Mechanism of agonist-induced downregulation of muscarinic receptors in rat pancreatic acini.

Exposure of pancreatic acini to cholinergic agonists reduces their muscarinic acetylcholine receptor content. To investigate the mechanism of this reduction, rat pancreatic acini were cultured in the presence of carbachol and its effects on binding of [N-methyl-3H] scopolamine (NMS), which labels only cell surface receptors, and [3H]scopolamine, which also accesses intracellular receptors, were determined. Carbachol (0.1 mM) caused disappearance of 90% of binding sites for [3H]NMS and [3H]-scopolamine with half-time values of 3.9 +/- 0.4 and 5.7 +/- 0.7 h, respectively.
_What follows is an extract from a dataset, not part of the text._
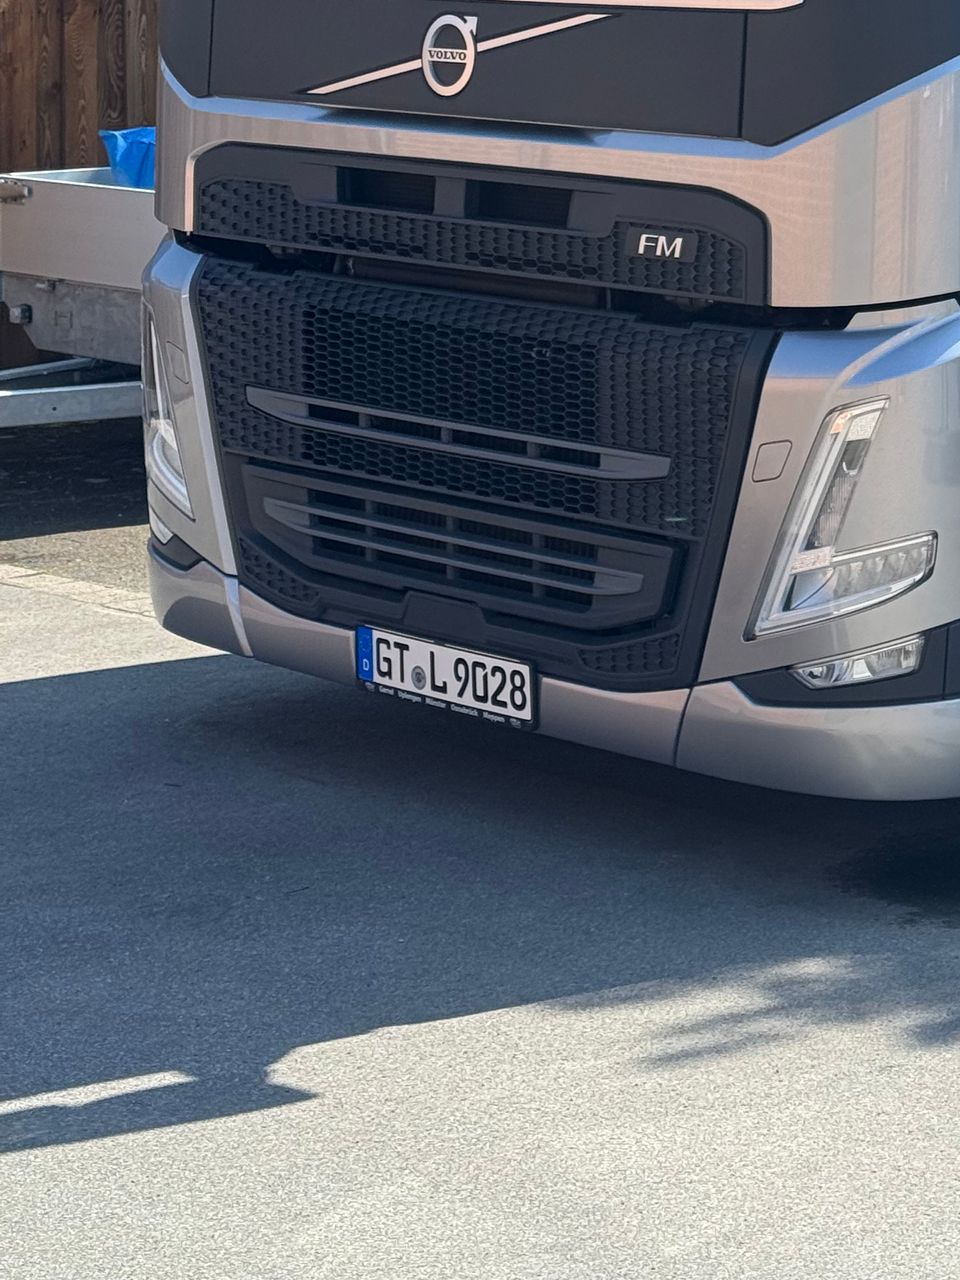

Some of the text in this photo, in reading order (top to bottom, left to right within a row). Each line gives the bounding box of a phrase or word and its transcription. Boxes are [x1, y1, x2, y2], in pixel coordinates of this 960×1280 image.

[428, 49, 467, 61] VOLVO
[638, 233, 683, 259] FM
[363, 637, 527, 711] D GT L 9028
Nocodazole and cytochalasin D, ouabain, ionophore A23187, 12-O-tetradecanoylphorbol 13-acetate (TPA), bombesin, cholecystokinin octapeptide (CCK-8), secretin, and vasoactive intestinal peptide (VIP) had no effect on the carbachol-induced decrease in binding sites for either antagonist, although staurosporine and the calmodulin inhibitor W-7 each caused slight inhibition. By contrast, the lysosomotropic agents methylamine and ammonium chloride caused 80% inhibition of disappearance of binding sites for [3H]scopolamine, although they only slightly inhibited disappearance of [3H]NMS binding sites. These results implicate the endosomal/lysosomal pathway in cholinergic agonist-evoked downregulation of muscarinic receptors in the pancreatic acinar cell.